Le niveau de risque sur l'ensemble du département des Landes reste classé « élevé ». La ville de Saint-Pierre-du-Mont est maintenue en zone de surveillance, elle se situe en partie dans un rayon de 10 à 20 km autour des exploitations infectées.

Dans les zones de surveillance, les élevages recensés font l'objet d'une surveillance vétérinaire renforcées et de prélèvements pour les élevages de canards.

A l'intérieur des zones de protection ou de surveillance, tous les mouvements de volailles et autres oiseaux captifs sont interdits.

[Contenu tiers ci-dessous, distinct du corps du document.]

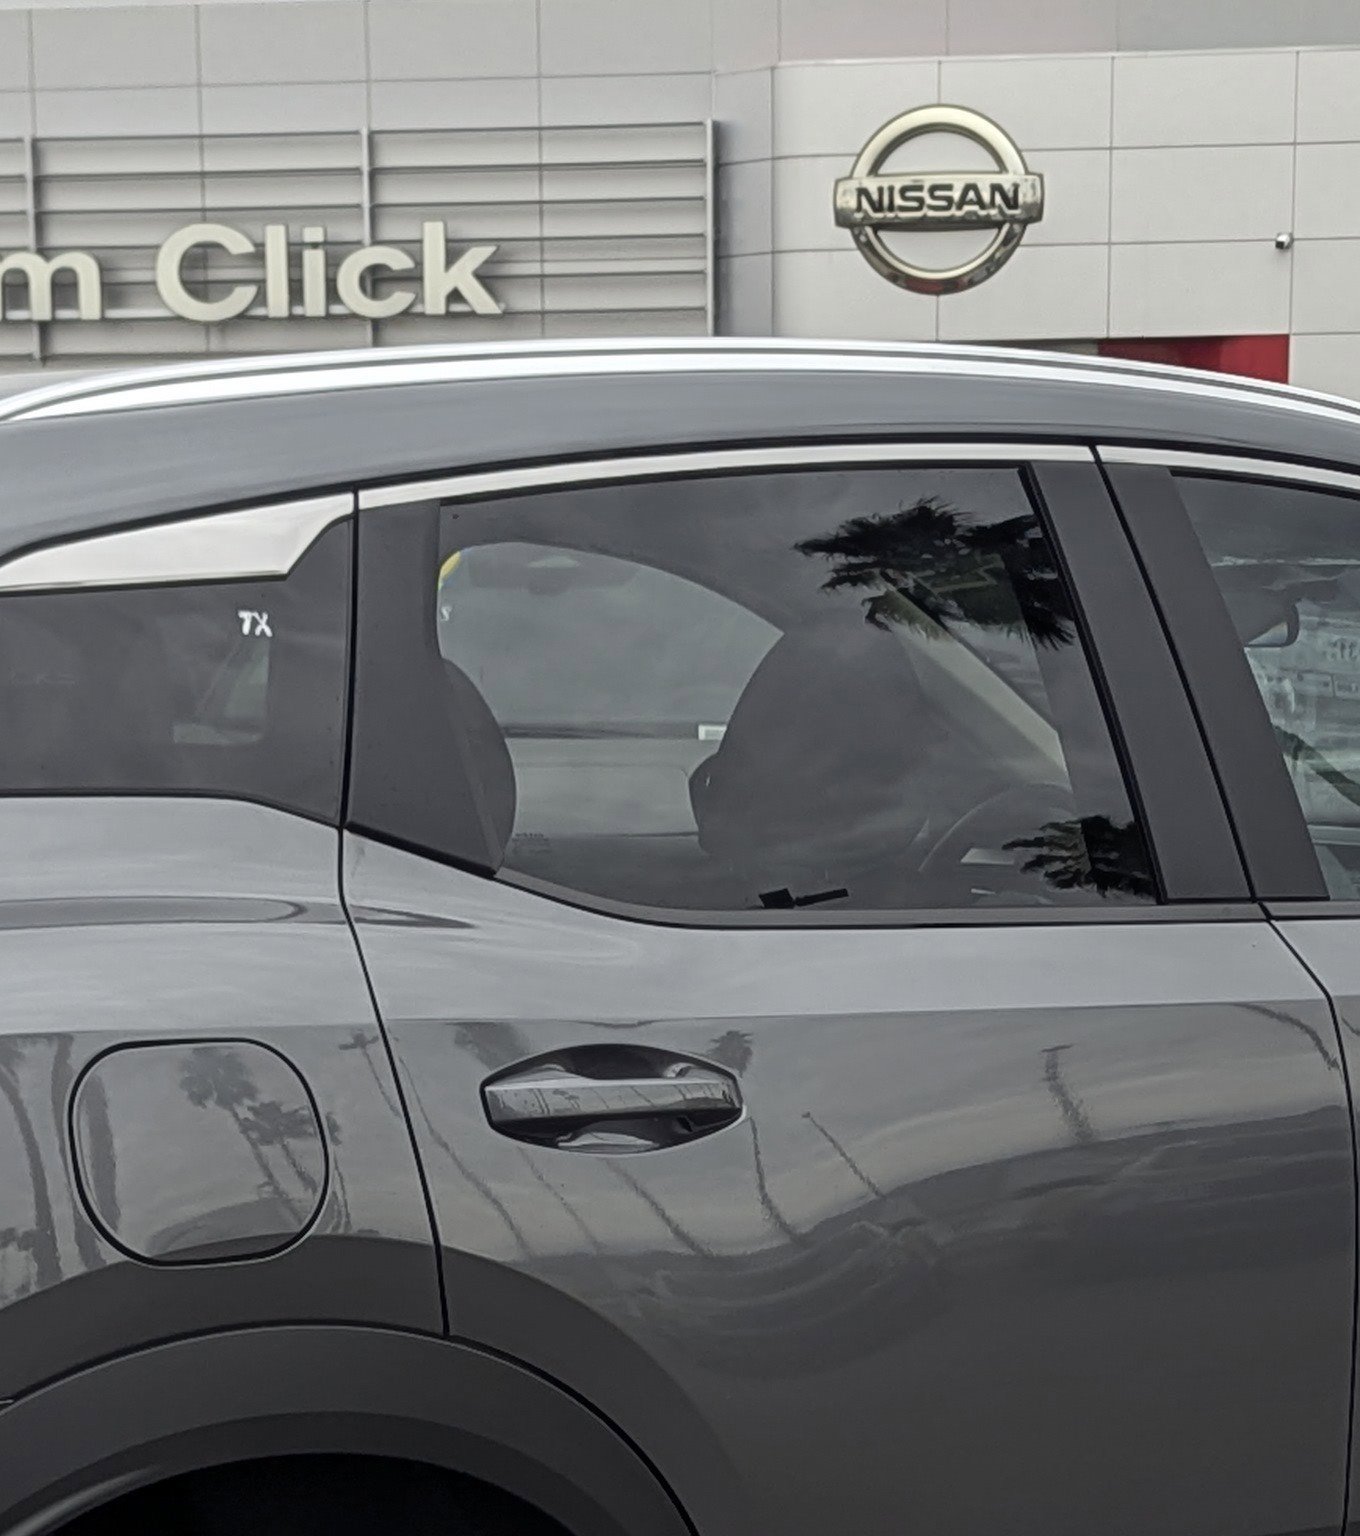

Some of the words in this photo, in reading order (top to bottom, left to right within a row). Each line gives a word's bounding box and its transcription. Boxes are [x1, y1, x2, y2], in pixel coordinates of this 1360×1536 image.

La préfecture appelle à la plus grande vigilance de la part de tous les acteurs, notamment les éleveurs, les promeneurs, les chasseurs, les propriétaires particuliers de basses-cours, les autres détenteurs d'oiseaux et les vétérinaires pour tout mettre en œuvre afin de se protéger contre la propagation de ce virus. Cela passe en particulier par une application sans faille des mesures de biosécurité (arrêté ministériel du 8 février 2016) et un signalement de toute mortalité d'oiseaux.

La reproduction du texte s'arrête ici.